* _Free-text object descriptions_

====================

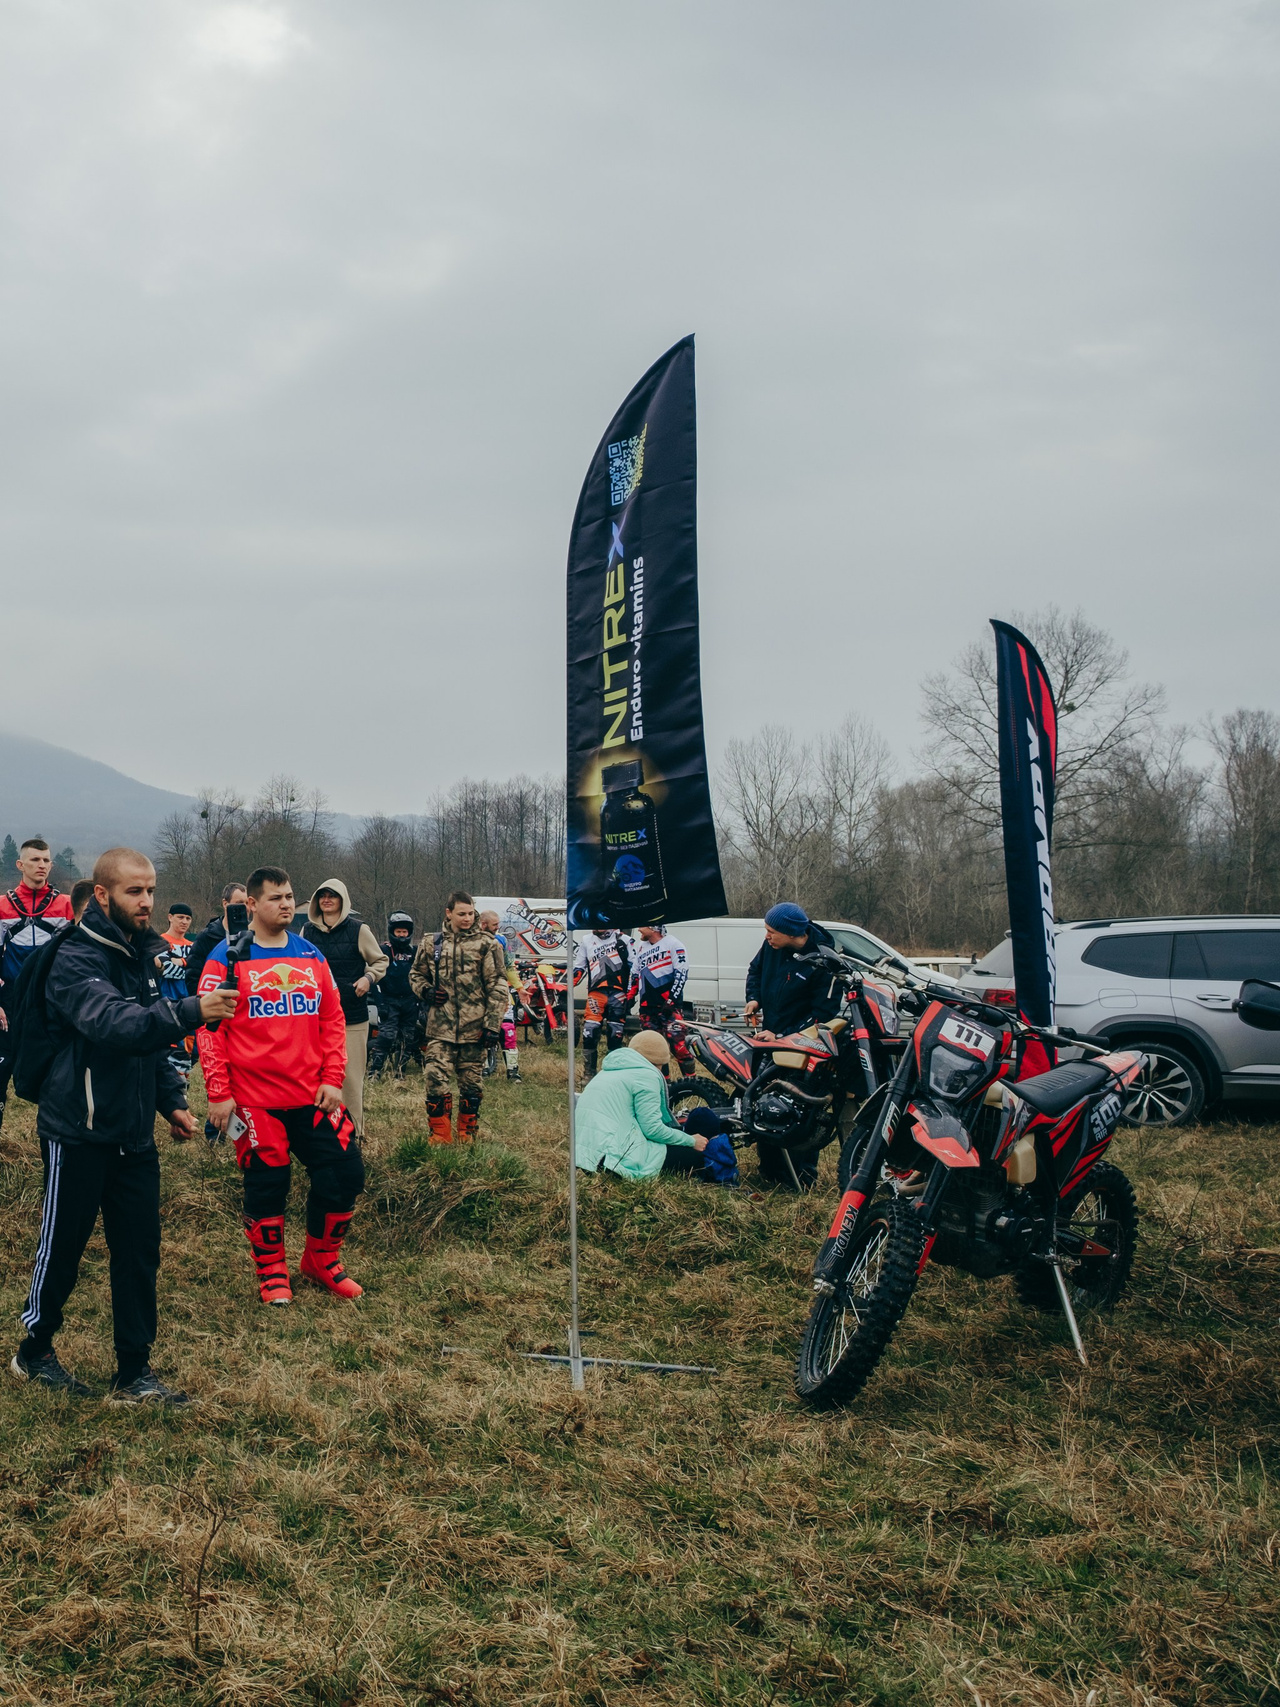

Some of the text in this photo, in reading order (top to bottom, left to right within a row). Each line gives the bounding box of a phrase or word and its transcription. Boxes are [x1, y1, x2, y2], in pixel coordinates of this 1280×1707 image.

[602, 508, 629, 749] NITREX
[629, 556, 644, 742] Enduro vitamins
[605, 828, 647, 844] NITREX
[520, 907, 553, 934] START
[249, 993, 289, 1018] Red
[714, 1029, 749, 1056] 300
[955, 1024, 983, 1048] 111
[1090, 1095, 1122, 1135] 300
[1095, 1128, 1108, 1142] AIR
[832, 1204, 859, 1258] KENDA

====================

* _BRIEF_
Your copy should be the entries retyped exactly, with no images in it.

* _EXERCISE RESPONSE_
Some of the text in this photo, in reading order (top to bottom, left to right within a row). Each line gives the bounding box of a phrase or word and its transcription. Boxes are [x1, y1, x2, y2], in pixel coordinates of this 1280×1707 image.

[602, 508, 629, 749] NITREX
[629, 556, 644, 742] Enduro vitamins
[605, 828, 647, 844] NITREX
[520, 907, 553, 934] START
[249, 993, 289, 1018] Red
[714, 1029, 749, 1056] 300
[955, 1024, 983, 1048] 111
[1090, 1095, 1122, 1135] 300
[1095, 1128, 1108, 1142] AIR
[832, 1204, 859, 1258] KENDA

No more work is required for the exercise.